Dülmen. Sucht ist wie eine schnelle Fahrt auf der Autobahn – auf einen Abgrund zu. Die Aufgabe der Sucht- und Drogenberatung sieht Ulrich Flasche, Leiter dieser Einrichtung der Awo in Dülmen, darin, Ausfahrten durch ein „dornenbewehrtes Gestrüpp“ zu schlagen und diese Wege aufzuzeigen. Davon konnten im letzten Jahr 539 Süchtige profitieren, 48 Klienten weniger als im Jahr 2016. Das seien statistische Schwankungen im normalen Bereich, erklärte er.
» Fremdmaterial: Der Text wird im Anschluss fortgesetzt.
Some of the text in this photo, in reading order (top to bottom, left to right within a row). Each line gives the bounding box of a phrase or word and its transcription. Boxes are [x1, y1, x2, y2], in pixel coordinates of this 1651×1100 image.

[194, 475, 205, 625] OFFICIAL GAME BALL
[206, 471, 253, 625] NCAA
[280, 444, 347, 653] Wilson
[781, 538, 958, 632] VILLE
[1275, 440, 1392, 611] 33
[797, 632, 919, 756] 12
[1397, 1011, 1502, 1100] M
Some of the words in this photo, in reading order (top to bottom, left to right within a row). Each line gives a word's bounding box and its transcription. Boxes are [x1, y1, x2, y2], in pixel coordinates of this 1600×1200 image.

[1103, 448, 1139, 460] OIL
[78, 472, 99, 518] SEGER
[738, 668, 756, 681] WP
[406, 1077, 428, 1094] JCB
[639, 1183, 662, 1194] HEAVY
Freitag, 08.06.2018, 18:38 Uhr

Kreis Coesfeld: Cannabis überholt erstmals Alkohol bei Neufällen
In der Suchtberatungsstelle Dülmen stellten (v. l.) Carla Dieckmann (Fachstelle Substitution), Ulrich Flasche (Leitung), Awo-Geschäftsführer Harry Junghans und Lioba Krüger-Rosenke (Frühintervention bei erstauffälligen Drogenkonsumenten) den Jahresbericht der Einrichtung für 2017 vor. Foto: hlm

Bei der Hilfe für einen Suchterkrankten ist das Zusammenspiel vieler Akteure notwendig. Deshalb ist Flasche besonders stolz auf die Fachabende „Sucht, Begleiterkrankungen und Arzneimitteltherapie“ für Experten in 2017. Denn der Erfolg einer Beratung steht und fällt mit dem Vertrauen. Und für diese Arbeit braucht es fachübergreifendes Wissen und Verständnis.
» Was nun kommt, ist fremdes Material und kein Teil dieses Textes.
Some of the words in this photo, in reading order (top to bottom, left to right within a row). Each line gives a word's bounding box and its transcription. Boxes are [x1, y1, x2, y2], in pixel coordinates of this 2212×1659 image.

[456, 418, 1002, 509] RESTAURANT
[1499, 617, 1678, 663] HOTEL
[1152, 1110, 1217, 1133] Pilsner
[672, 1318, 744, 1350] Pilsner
252 neue Suchterkrankte wendeten sich 2017 an die Sucht- und Drogenberatung der Awo. Mit 96 Cannabissüchtigen holte sich erstmals diese Gruppe Abhängiger mehrheitlich Unterstützung. Es folgen in der Rangordnung 79 Alkoholabhängige und 28 Angehörige. Damit kann nicht generell auf eine Änderung des Suchtverhaltens geschlossen werden. In der Gesamtbilanz bleibt mit 194 Beratungsfällen Alkohol das Drogenproblem Nummer 1.
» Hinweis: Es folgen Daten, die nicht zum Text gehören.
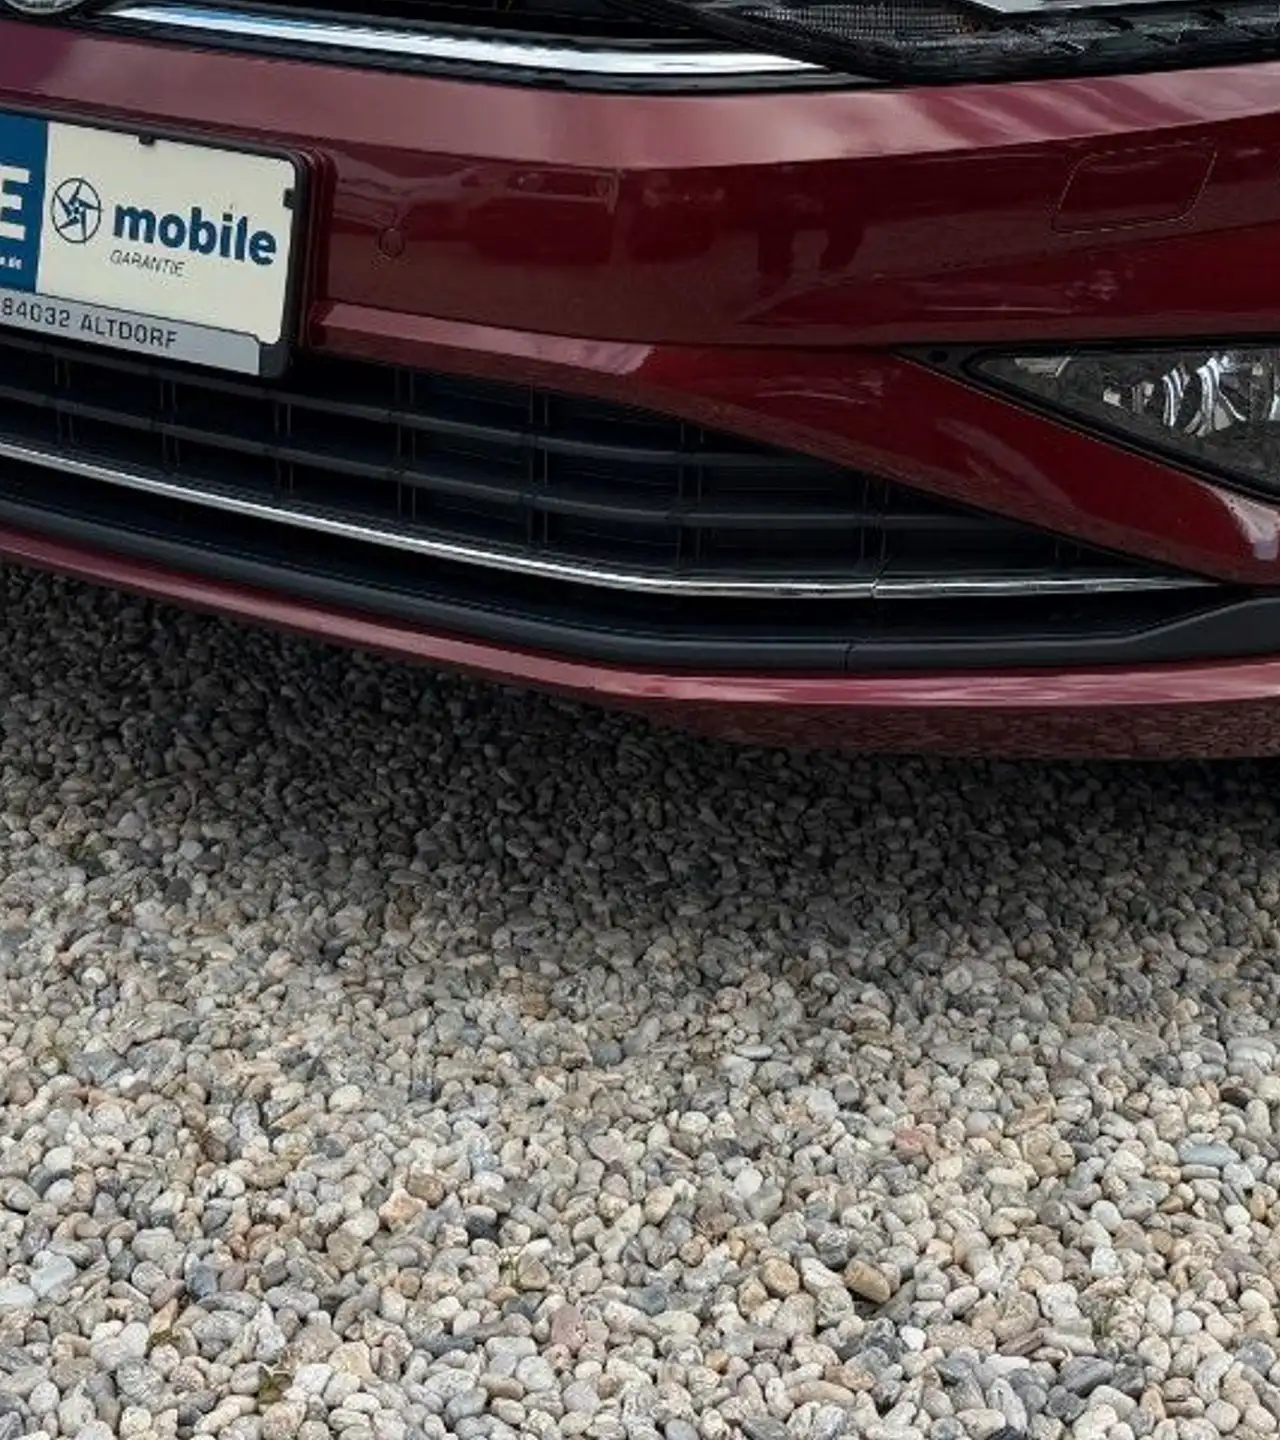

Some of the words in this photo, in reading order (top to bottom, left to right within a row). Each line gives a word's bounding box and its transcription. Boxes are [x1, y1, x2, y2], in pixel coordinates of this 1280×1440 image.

Den ersten Schritt muss der Abhängige machen. Anders sieht es bei der Frühintervention bei erstauffälligen Drogenkonsumenten (FreD) aus. Es sind wegen Straffälligkeit zugewiesene Jugendliche und junge Erwachsene, die an der Maßnahme teilnehmen müssen. „Aber am Ende der Therapie wird diese durchweg positiv von den Klienten bewertet“, so Suchtberaterin Lioba Krüger-Rosenke.

Carla Dieckmann kümmerte sich im letzten Jahr um 61 Süchtige, die kontrolliert Zugang zu Ersatzdrogen (Substitution) erhielten. Dabei wurden sie von Ärzten und Sozialfacharbeitern begleitet. 26 davon nutzten das Angebot in Coesfeld, 15 in Dülmen, 10 in Lüdinghausen – überwiegend im Alter von 35 bis 50 Jahren.

Auch auf das Phänomen Mediensucht reagierten die Experten und erhielten 2017 den Zuschlag für ihr Modellprojekt „interface extended“, in dessen Rahmen ein spezielles Beratungsprogramm angeboten wird.